EXERCISE: Please retype every entry as written, and keep the pictures out.

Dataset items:

--- START ---

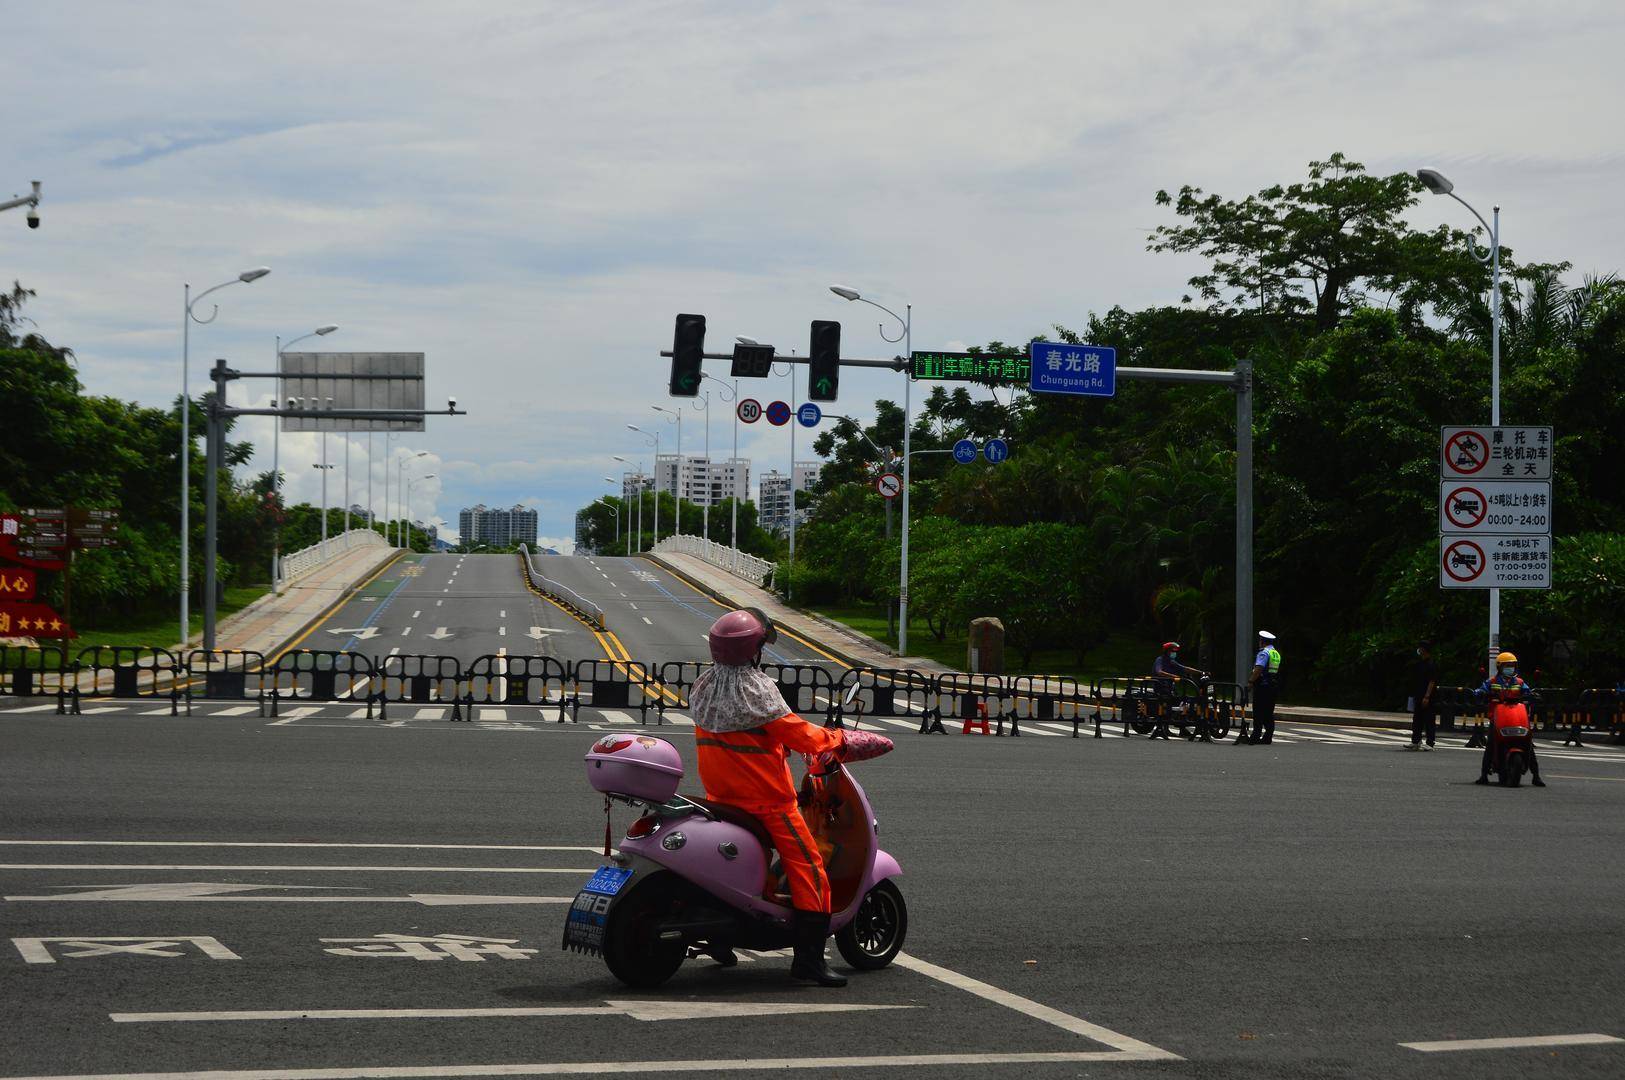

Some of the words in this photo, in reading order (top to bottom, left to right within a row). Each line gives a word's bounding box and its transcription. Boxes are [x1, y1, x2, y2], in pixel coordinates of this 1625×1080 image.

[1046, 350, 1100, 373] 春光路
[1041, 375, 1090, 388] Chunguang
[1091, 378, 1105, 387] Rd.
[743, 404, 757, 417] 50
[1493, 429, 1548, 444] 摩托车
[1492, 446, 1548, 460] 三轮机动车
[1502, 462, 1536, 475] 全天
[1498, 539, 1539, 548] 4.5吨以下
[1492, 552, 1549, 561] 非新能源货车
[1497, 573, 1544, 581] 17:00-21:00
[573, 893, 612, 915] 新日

--- END ---

WRITTEN REPLY:
Some of the words in this photo, in reading order (top to bottom, left to right within a row). Each line gives a word's bounding box and its transcription. Boxes are [x1, y1, x2, y2], in pixel coordinates of this 1625×1080 image.

[1046, 350, 1100, 373] 春光路
[1041, 375, 1090, 388] Chunguang
[1091, 378, 1105, 387] Rd.
[743, 404, 757, 417] 50
[1493, 429, 1548, 444] 摩托车
[1492, 446, 1548, 460] 三轮机动车
[1502, 462, 1536, 475] 全天
[1498, 539, 1539, 548] 4.5吨以下
[1492, 552, 1549, 561] 非新能源货车
[1497, 573, 1544, 581] 17:00-21:00
[573, 893, 612, 915] 新日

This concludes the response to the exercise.